* Problem to solve *
Return a verbatim reproduction of each line, starting at the line with "this 1344×1512 image." and ending at the last line of the listing below.

* Exercise inputs *
━━━━━━━━━━━━━━━━
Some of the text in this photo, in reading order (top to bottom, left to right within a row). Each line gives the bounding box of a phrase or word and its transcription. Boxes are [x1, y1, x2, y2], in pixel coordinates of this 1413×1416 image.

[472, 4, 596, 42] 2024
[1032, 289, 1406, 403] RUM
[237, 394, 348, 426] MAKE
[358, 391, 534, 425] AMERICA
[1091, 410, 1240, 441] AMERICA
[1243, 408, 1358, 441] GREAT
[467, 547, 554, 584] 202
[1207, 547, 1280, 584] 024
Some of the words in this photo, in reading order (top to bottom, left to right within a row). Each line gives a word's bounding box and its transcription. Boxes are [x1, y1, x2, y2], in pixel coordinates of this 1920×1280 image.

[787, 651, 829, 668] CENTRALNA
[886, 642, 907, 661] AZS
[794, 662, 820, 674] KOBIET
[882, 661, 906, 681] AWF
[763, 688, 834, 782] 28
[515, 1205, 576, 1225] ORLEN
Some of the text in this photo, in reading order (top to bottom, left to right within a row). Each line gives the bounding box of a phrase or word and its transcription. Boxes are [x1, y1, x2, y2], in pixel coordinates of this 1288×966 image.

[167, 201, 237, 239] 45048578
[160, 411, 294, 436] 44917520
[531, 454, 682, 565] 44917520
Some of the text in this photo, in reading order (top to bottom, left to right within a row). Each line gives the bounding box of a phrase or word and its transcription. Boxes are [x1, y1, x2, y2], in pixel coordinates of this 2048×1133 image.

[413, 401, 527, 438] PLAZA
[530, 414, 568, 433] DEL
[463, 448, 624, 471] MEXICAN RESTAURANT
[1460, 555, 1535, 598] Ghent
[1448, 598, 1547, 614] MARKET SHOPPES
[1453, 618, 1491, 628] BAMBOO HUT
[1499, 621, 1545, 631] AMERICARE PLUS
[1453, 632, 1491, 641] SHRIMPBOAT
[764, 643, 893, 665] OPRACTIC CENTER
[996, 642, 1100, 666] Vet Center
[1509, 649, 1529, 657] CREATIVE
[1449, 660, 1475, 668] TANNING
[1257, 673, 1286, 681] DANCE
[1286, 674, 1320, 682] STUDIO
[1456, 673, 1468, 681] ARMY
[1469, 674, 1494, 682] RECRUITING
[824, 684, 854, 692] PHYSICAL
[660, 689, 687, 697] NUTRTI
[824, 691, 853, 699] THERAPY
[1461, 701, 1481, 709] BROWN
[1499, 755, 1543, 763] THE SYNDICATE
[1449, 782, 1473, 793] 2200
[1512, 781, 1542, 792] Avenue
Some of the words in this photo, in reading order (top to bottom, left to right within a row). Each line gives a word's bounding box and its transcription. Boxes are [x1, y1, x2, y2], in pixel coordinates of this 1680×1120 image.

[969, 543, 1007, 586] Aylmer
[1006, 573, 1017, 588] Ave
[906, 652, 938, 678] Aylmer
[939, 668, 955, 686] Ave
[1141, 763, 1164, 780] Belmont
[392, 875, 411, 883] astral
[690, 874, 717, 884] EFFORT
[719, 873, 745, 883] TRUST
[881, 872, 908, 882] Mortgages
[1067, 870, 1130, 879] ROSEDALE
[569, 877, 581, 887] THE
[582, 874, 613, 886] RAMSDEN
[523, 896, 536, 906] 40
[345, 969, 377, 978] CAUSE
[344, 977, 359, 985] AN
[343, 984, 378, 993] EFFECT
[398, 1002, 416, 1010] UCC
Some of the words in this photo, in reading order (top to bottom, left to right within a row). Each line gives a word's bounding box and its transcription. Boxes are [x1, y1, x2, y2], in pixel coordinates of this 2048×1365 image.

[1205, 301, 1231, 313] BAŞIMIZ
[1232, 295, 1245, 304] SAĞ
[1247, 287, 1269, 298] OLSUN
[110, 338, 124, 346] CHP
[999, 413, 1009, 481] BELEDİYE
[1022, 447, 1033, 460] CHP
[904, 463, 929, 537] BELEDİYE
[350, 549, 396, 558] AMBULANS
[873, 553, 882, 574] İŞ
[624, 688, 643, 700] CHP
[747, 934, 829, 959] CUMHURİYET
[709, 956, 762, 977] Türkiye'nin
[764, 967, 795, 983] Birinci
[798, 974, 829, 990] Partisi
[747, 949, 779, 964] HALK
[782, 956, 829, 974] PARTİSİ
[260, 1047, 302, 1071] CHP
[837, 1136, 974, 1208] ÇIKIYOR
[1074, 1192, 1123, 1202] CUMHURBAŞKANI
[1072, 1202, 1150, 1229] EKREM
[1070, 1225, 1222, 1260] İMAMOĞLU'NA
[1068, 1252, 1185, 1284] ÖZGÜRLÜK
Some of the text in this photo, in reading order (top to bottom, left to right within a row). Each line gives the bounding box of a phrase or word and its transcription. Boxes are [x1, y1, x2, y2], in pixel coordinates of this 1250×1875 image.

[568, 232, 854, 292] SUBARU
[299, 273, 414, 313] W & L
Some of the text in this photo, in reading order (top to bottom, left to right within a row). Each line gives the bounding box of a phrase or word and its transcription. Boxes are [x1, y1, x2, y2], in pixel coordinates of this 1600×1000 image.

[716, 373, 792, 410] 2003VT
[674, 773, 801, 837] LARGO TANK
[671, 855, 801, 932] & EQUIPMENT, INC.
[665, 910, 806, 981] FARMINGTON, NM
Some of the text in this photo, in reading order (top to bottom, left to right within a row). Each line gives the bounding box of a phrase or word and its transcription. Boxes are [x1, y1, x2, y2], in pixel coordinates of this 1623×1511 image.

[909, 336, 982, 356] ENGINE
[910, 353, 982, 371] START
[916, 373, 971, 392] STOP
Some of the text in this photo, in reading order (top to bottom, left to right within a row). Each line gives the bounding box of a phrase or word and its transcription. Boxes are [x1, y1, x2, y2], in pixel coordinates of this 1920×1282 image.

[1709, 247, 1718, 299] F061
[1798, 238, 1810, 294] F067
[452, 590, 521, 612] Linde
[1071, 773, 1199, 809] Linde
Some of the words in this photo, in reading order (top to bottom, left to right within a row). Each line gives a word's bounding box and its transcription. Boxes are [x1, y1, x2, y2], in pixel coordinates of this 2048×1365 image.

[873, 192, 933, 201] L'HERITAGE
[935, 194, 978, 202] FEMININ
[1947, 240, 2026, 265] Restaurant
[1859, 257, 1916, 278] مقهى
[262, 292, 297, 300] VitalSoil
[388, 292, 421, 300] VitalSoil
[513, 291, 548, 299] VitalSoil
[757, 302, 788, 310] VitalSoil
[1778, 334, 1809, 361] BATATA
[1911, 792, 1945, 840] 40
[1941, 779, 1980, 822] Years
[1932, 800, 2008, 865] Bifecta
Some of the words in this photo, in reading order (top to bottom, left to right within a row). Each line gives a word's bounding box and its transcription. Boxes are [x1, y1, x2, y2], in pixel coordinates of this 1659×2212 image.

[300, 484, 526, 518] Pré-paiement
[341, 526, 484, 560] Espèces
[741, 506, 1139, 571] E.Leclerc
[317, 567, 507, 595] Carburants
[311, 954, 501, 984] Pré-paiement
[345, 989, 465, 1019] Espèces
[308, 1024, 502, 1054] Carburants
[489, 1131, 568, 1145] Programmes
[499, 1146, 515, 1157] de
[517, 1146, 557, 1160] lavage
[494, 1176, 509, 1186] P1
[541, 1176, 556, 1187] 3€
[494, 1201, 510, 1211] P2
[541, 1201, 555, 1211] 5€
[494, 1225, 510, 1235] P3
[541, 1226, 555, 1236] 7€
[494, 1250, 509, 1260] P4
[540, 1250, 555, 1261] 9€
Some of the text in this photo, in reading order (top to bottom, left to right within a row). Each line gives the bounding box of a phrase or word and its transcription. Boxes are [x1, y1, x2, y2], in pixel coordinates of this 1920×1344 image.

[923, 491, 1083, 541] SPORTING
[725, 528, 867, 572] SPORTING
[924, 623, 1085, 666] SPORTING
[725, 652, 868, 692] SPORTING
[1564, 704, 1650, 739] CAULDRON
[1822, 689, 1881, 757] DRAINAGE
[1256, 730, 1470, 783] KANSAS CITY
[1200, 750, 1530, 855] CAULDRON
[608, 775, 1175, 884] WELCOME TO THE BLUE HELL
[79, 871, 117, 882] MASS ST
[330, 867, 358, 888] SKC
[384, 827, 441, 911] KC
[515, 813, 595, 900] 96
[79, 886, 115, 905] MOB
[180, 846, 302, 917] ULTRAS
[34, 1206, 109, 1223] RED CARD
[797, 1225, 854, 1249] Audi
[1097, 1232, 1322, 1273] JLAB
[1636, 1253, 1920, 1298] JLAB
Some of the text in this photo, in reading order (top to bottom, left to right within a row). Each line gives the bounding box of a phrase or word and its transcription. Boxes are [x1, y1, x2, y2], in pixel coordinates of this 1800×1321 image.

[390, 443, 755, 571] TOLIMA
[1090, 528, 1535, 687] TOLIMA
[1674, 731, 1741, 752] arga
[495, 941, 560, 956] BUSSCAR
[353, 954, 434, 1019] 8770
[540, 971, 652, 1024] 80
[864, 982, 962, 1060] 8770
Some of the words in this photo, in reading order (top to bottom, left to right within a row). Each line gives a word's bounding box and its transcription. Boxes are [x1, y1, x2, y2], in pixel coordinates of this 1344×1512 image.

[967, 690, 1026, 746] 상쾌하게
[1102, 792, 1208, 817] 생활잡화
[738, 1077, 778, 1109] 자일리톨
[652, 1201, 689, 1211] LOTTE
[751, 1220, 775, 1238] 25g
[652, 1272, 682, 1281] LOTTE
━━━━━━━━━━━━━━━━
* Solution to the problem *
Some of the words in this photo, in reading order (top to bottom, left to right within a row). Each line gives a word's bounding box and its transcription. Boxes are [x1, y1, x2, y2], in pixel coordinates of this 1344×1512 image.

[967, 690, 1026, 746] 상쾌하게
[1102, 792, 1208, 817] 생활잡화
[738, 1077, 778, 1109] 자일리톨
[652, 1201, 689, 1211] LOTTE
[751, 1220, 775, 1238] 25g
[652, 1272, 682, 1281] LOTTE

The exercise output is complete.